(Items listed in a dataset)
Segment Open
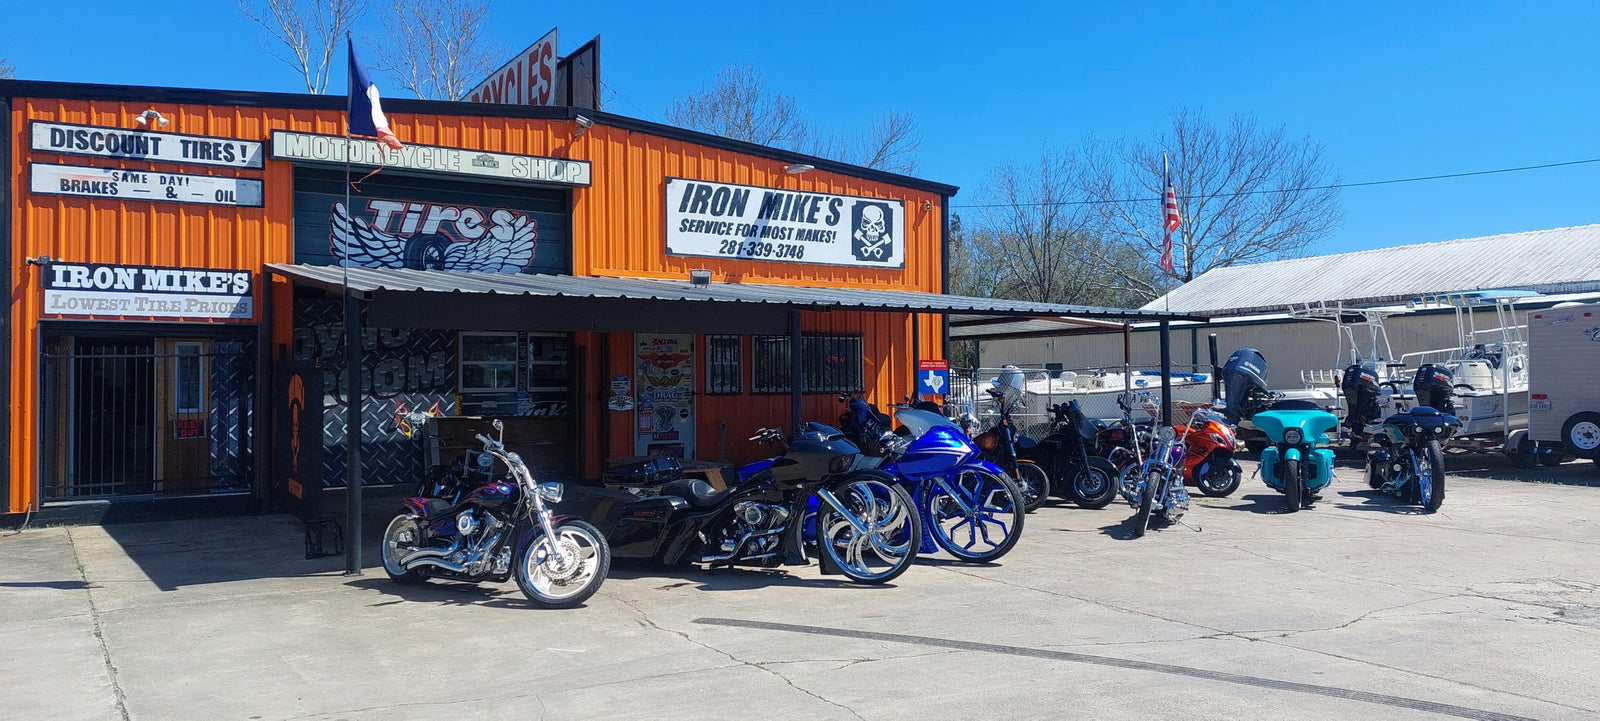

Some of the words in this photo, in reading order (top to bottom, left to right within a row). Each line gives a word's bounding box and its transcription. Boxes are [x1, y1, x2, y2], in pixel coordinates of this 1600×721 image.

[50, 127, 162, 156] DISCOUNT
[284, 132, 461, 172] MOTORCYCLE
[511, 156, 582, 183] SHOP
[59, 177, 119, 196] BRAKES
[165, 186, 178, 199] &
[215, 189, 236, 203] OIL
[112, 171, 148, 184] SAME
[159, 175, 190, 187] DAY!
[678, 182, 751, 218] IRON
[757, 191, 844, 227] MIKE'S
[679, 218, 733, 236] SERVICE
[735, 223, 759, 238] FOR
[760, 225, 795, 241] MOST
[795, 228, 837, 244] MAKES!
[718, 239, 805, 260] 281-339-3748
[51, 264, 139, 290] IRON
[141, 267, 249, 294] MIKE'S
[51, 293, 131, 312] LOWEST
[134, 295, 182, 313] TIRE
[183, 297, 249, 314] PRICES
[653, 391, 679, 400] DRAG
Segment Closed
### Instructions to follow
When you reproduce the entries above, keep every word exact and leave the images out.

### Task solution
Some of the words in this photo, in reading order (top to bottom, left to right within a row). Each line gives a word's bounding box and its transcription. Boxes are [x1, y1, x2, y2], in pixel coordinates of this 1600×721 image.

[50, 127, 162, 156] DISCOUNT
[284, 132, 461, 172] MOTORCYCLE
[511, 156, 582, 183] SHOP
[59, 177, 119, 196] BRAKES
[165, 186, 178, 199] &
[215, 189, 236, 203] OIL
[112, 171, 148, 184] SAME
[159, 175, 190, 187] DAY!
[678, 182, 751, 218] IRON
[757, 191, 844, 227] MIKE'S
[679, 218, 733, 236] SERVICE
[735, 223, 759, 238] FOR
[760, 225, 795, 241] MOST
[795, 228, 837, 244] MAKES!
[718, 239, 805, 260] 281-339-3748
[51, 264, 139, 290] IRON
[141, 267, 249, 294] MIKE'S
[51, 293, 131, 312] LOWEST
[134, 295, 182, 313] TIRE
[183, 297, 249, 314] PRICES
[653, 391, 679, 400] DRAG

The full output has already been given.